In 2017, Bible Society Australia ran a campaign telling the story of Easter through a series of text messages. Given an uptake in the use of social media, particularly Bible apps, Bible Society Australia partnered with YouVersion to offer users a series of customised Bible reading plans, as part of its 200-year birthday celebrations.

===Infrastructure===
Bible Society Australia supports smaller Bible Societies across the world with infrastructure development such as training and the provision of resources. For example, Bible Society Australia supports the Arab Israeli Bible Society with ongoing funding of its projects.
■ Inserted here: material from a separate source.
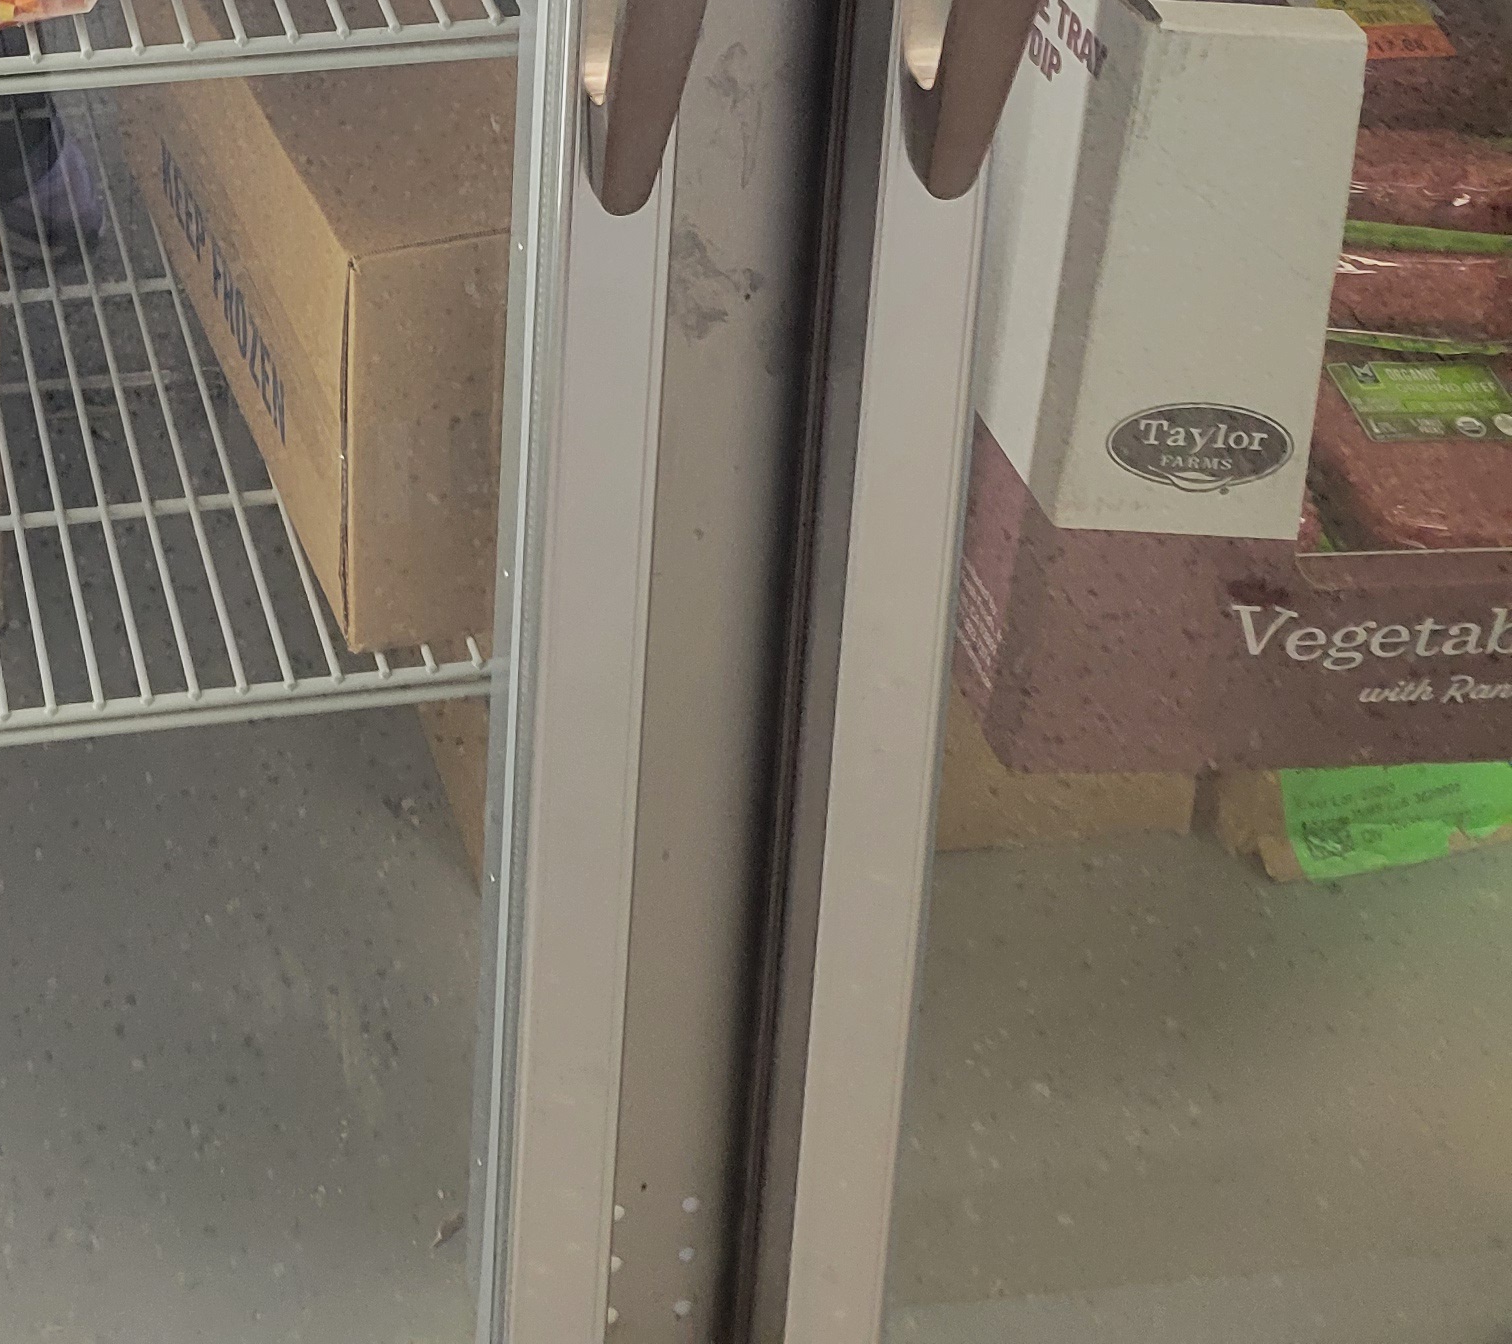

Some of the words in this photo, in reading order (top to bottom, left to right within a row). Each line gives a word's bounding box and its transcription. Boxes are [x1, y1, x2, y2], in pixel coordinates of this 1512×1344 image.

===Indigenous (Aboriginal and Torres Strait Islanders)===
The Bible Society has long been engaged in Indigenous translation, and aims to maximise the ownership and contribution of Indigenous translators. Bibles are also produced in audio format. The organisation has always been the major publisher of Scriptures in Indigenous languages. Bible Society has published Scripture in almost all of these languages, ranging from portions and single Gospels through to full New Testament. The whole Bible has been published in Kriol. The Yumplatok New Testament was published by Bible Society Australia in 2014 after a translation process that took 27 years and Bible Society Australia is currently involved in The Pitjantjatjara Bible Translation Project.

In March, 2017 CEO Greg Clarke told the ABC there was a need to be honest about the mistakes of missionaries in the past who were involved in suppressing Indigenous languages and that Bible Society Australia is working to produce translations of the Bible in the very languages that were once suppressed.